WHAT IS EXPECTED: Copy the listing below in full, exactly as given.

——————

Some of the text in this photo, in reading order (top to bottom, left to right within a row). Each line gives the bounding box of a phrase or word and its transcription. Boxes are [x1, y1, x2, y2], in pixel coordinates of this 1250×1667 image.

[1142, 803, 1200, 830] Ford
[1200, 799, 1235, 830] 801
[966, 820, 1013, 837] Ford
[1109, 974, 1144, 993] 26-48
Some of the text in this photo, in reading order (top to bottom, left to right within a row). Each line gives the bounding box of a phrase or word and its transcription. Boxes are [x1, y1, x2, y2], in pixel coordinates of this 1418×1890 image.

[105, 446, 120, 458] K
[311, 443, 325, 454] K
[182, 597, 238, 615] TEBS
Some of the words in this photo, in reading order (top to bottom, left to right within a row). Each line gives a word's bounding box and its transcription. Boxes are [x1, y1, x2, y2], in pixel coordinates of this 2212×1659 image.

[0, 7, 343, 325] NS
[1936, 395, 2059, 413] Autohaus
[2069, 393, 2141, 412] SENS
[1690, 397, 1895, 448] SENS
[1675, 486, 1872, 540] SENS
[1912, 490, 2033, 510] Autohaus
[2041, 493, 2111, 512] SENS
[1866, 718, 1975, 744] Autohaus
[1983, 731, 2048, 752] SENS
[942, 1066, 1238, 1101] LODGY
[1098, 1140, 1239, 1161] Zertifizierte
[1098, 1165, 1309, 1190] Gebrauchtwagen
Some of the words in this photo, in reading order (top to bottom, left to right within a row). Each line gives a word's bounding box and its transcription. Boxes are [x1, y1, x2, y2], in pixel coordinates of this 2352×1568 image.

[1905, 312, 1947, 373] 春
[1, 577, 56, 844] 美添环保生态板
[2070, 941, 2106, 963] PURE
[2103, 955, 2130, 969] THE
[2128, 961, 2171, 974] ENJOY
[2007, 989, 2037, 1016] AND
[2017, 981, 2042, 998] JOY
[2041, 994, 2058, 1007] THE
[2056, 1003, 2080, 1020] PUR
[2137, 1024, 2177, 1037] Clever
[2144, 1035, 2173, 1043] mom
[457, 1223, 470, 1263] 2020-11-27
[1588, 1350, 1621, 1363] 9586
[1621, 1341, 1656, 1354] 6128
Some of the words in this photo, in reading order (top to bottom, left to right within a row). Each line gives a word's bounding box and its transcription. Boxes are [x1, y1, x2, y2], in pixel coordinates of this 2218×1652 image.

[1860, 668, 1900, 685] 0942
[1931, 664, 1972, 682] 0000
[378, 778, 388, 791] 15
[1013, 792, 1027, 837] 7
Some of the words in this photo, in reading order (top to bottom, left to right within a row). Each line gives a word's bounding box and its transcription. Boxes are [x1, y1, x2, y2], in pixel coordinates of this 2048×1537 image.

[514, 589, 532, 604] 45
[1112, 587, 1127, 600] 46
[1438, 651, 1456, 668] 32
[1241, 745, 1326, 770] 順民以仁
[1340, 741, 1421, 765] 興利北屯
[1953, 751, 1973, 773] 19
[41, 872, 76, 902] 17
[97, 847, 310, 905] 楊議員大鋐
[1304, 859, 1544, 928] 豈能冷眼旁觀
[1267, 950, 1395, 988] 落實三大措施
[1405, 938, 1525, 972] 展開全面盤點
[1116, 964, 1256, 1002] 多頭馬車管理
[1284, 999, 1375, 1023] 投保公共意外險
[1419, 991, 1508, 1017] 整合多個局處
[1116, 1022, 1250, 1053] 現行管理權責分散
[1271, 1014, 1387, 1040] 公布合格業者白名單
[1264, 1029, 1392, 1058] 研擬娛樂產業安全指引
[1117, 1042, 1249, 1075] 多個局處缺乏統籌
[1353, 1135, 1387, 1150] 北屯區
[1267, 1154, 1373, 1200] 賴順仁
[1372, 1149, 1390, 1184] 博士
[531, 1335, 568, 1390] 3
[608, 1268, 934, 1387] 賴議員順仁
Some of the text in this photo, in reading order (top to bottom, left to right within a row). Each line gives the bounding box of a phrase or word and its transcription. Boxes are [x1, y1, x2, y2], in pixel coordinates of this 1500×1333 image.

——————

EXERCISE RESPONSE:
Some of the text in this photo, in reading order (top to bottom, left to right within a row). Each line gives the bounding box of a phrase or word and its transcription. Boxes are [x1, y1, x2, y2], in pixel coordinates of this 1250×1667 image.

[1142, 803, 1200, 830] Ford
[1200, 799, 1235, 830] 801
[966, 820, 1013, 837] Ford
[1109, 974, 1144, 993] 26-48
Some of the text in this photo, in reading order (top to bottom, left to right within a row). Each line gives the bounding box of a phrase or word and its transcription. Boxes are [x1, y1, x2, y2], in pixel coordinates of this 1418×1890 image.

[105, 446, 120, 458] K
[311, 443, 325, 454] K
[182, 597, 238, 615] TEBS
Some of the words in this photo, in reading order (top to bottom, left to right within a row). Each line gives a word's bounding box and its transcription. Boxes are [x1, y1, x2, y2], in pixel coordinates of this 2212×1659 image.

[0, 7, 343, 325] NS
[1936, 395, 2059, 413] Autohaus
[2069, 393, 2141, 412] SENS
[1690, 397, 1895, 448] SENS
[1675, 486, 1872, 540] SENS
[1912, 490, 2033, 510] Autohaus
[2041, 493, 2111, 512] SENS
[1866, 718, 1975, 744] Autohaus
[1983, 731, 2048, 752] SENS
[942, 1066, 1238, 1101] LODGY
[1098, 1140, 1239, 1161] Zertifizierte
[1098, 1165, 1309, 1190] Gebrauchtwagen
Some of the words in this photo, in reading order (top to bottom, left to right within a row). Each line gives a word's bounding box and its transcription. Boxes are [x1, y1, x2, y2], in pixel coordinates of this 2352×1568 image.

[1905, 312, 1947, 373] 春
[1, 577, 56, 844] 美添环保生态板
[2070, 941, 2106, 963] PURE
[2103, 955, 2130, 969] THE
[2128, 961, 2171, 974] ENJOY
[2007, 989, 2037, 1016] AND
[2017, 981, 2042, 998] JOY
[2041, 994, 2058, 1007] THE
[2056, 1003, 2080, 1020] PUR
[2137, 1024, 2177, 1037] Clever
[2144, 1035, 2173, 1043] mom
[457, 1223, 470, 1263] 2020-11-27
[1588, 1350, 1621, 1363] 9586
[1621, 1341, 1656, 1354] 6128
Some of the words in this photo, in reading order (top to bottom, left to right within a row). Each line gives a word's bounding box and its transcription. Boxes are [x1, y1, x2, y2], in pixel coordinates of this 2218×1652 image.

[1860, 668, 1900, 685] 0942
[1931, 664, 1972, 682] 0000
[378, 778, 388, 791] 15
[1013, 792, 1027, 837] 7
Some of the words in this photo, in reading order (top to bottom, left to right within a row). Each line gives a word's bounding box and its transcription. Boxes are [x1, y1, x2, y2], in pixel coordinates of this 2048×1537 image.

[514, 589, 532, 604] 45
[1112, 587, 1127, 600] 46
[1438, 651, 1456, 668] 32
[1241, 745, 1326, 770] 順民以仁
[1340, 741, 1421, 765] 興利北屯
[1953, 751, 1973, 773] 19
[41, 872, 76, 902] 17
[97, 847, 310, 905] 楊議員大鋐
[1304, 859, 1544, 928] 豈能冷眼旁觀
[1267, 950, 1395, 988] 落實三大措施
[1405, 938, 1525, 972] 展開全面盤點
[1116, 964, 1256, 1002] 多頭馬車管理
[1284, 999, 1375, 1023] 投保公共意外險
[1419, 991, 1508, 1017] 整合多個局處
[1116, 1022, 1250, 1053] 現行管理權責分散
[1271, 1014, 1387, 1040] 公布合格業者白名單
[1264, 1029, 1392, 1058] 研擬娛樂產業安全指引
[1117, 1042, 1249, 1075] 多個局處缺乏統籌
[1353, 1135, 1387, 1150] 北屯區
[1267, 1154, 1373, 1200] 賴順仁
[1372, 1149, 1390, 1184] 博士
[531, 1335, 568, 1390] 3
[608, 1268, 934, 1387] 賴議員順仁
Some of the text in this photo, in reading order (top to bottom, left to right within a row). Each line gives the bounding box of a phrase or word and its transcription. Boxes are [x1, y1, x2, y2], in pixel coordinates of this 1500×1333 image.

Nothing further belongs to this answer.